Saudi firm in $400 mln farm investments in Africa

Daily News Egypt
2 Min Read

RIYADH: Saudi private firm Al Rajhi for International Investment plans to spend at least $400 million by 2011 to produce wheat and maize in Egypt and Sudan, a newspaper reported on Wednesday.

The firm has started farming a 42,000-hectare area in the Egyptian Toshka project and expects the first harvest towards the end of May, Al-Jazirah quoted chief executive Khaled Al-Melahi as saying.

It has also started planting a 52,500-hectare farm in Sudan with sorghum to pave the way for future cultivation, he said.

Food security has topped the policy agenda in the arid Gulf Arab region following rampant inflation in 2008 that underscored its dependence on imports and forced countries to invest abroad to ensure supplies of staples such as rice and wheat.

Saudi Arabia has urged companies to invest in farm projects abroad after deciding last year to reduce wheat production by 12.5 percent per year, abandoning a 30-year-old program to grow its own which had achieved self-sufficiency but depleted the desert kingdom s scarce water supplies.
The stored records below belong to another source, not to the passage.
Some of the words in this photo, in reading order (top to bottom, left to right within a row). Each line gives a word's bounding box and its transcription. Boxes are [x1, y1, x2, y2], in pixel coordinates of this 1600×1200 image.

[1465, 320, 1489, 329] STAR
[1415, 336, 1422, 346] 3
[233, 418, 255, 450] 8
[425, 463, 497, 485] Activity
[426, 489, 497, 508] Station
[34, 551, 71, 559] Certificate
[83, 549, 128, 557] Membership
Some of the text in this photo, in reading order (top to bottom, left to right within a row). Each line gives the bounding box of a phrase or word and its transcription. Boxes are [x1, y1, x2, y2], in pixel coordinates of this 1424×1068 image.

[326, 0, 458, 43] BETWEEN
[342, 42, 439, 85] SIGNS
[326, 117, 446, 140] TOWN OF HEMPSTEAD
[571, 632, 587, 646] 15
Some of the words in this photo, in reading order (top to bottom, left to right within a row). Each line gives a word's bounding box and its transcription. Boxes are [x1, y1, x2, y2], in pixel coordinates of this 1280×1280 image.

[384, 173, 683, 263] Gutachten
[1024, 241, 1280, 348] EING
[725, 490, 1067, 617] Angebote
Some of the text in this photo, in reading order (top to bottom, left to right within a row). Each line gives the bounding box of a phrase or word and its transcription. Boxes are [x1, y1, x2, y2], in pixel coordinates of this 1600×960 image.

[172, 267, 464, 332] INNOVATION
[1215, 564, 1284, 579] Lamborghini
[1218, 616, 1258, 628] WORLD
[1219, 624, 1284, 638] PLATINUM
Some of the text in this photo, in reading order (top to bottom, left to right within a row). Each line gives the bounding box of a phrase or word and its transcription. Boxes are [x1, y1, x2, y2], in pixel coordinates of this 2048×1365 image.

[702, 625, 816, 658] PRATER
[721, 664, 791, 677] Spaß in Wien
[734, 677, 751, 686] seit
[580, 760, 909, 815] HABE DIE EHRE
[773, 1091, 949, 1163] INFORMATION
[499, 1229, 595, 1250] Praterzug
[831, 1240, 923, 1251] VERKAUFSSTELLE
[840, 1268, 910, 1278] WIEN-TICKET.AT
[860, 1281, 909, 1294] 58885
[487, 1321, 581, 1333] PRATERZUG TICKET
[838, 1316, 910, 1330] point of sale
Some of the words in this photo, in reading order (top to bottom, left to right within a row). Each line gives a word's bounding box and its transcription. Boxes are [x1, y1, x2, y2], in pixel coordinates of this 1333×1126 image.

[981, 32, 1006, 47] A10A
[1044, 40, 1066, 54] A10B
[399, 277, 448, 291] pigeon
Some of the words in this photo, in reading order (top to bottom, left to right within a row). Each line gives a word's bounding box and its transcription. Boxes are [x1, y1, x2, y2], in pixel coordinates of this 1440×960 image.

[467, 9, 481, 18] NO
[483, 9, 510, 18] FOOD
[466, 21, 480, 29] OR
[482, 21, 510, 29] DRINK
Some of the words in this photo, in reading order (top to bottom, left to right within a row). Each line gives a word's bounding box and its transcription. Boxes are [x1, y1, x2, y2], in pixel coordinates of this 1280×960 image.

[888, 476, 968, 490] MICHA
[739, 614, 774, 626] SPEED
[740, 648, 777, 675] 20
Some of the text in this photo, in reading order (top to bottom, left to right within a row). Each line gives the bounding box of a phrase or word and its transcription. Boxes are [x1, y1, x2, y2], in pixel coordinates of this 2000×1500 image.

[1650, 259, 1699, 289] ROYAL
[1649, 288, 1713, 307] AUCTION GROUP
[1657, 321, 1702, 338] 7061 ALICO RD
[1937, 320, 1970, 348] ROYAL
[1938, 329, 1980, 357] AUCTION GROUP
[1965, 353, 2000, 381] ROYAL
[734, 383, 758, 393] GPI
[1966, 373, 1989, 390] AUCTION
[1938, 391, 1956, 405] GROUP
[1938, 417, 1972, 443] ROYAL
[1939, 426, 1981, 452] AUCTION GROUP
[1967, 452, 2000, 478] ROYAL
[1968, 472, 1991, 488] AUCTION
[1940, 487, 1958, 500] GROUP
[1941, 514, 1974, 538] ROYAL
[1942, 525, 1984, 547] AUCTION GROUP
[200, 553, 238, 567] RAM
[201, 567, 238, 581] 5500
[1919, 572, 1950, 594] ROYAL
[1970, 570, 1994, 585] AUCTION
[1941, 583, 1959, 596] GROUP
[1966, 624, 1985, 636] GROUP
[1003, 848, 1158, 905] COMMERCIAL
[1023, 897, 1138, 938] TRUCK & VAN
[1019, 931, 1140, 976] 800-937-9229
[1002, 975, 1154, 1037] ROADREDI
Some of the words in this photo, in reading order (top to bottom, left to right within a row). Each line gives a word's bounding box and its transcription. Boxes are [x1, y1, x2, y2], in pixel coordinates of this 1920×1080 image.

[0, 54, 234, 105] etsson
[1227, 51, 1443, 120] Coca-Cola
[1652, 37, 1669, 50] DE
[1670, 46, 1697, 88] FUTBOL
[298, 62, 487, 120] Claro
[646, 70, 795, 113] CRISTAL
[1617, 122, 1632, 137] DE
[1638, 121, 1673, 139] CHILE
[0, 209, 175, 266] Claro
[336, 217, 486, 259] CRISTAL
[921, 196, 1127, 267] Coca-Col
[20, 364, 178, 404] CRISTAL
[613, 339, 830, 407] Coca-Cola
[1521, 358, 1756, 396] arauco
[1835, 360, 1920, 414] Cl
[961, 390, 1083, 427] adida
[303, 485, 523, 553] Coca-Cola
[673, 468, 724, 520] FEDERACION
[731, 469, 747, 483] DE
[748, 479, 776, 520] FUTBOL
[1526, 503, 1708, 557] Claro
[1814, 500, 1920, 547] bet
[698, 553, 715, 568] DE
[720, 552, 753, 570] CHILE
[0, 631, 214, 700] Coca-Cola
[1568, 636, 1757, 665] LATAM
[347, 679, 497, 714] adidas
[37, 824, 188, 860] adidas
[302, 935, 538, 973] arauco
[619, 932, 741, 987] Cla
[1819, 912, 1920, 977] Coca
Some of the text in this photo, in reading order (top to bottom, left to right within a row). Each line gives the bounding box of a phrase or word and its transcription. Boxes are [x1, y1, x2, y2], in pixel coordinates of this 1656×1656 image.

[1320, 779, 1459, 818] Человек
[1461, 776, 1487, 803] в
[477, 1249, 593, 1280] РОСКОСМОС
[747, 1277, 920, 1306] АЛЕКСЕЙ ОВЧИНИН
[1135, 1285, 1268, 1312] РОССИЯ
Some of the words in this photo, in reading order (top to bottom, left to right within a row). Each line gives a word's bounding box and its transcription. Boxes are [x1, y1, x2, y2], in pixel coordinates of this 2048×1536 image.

In January, the government cited Ethiopia, Turkey, Ukraine, Egypt, Sudan, Kazakhstan, the Philippines and Vietnam as some of the countries that Saudi investors and officials might look at.

Several Saudi firms have already started investing in agricultural projects from Indonesia to Ethiopia.

The world s top oil exporter said in January it had received the first batch of rice produced abroad by local investors.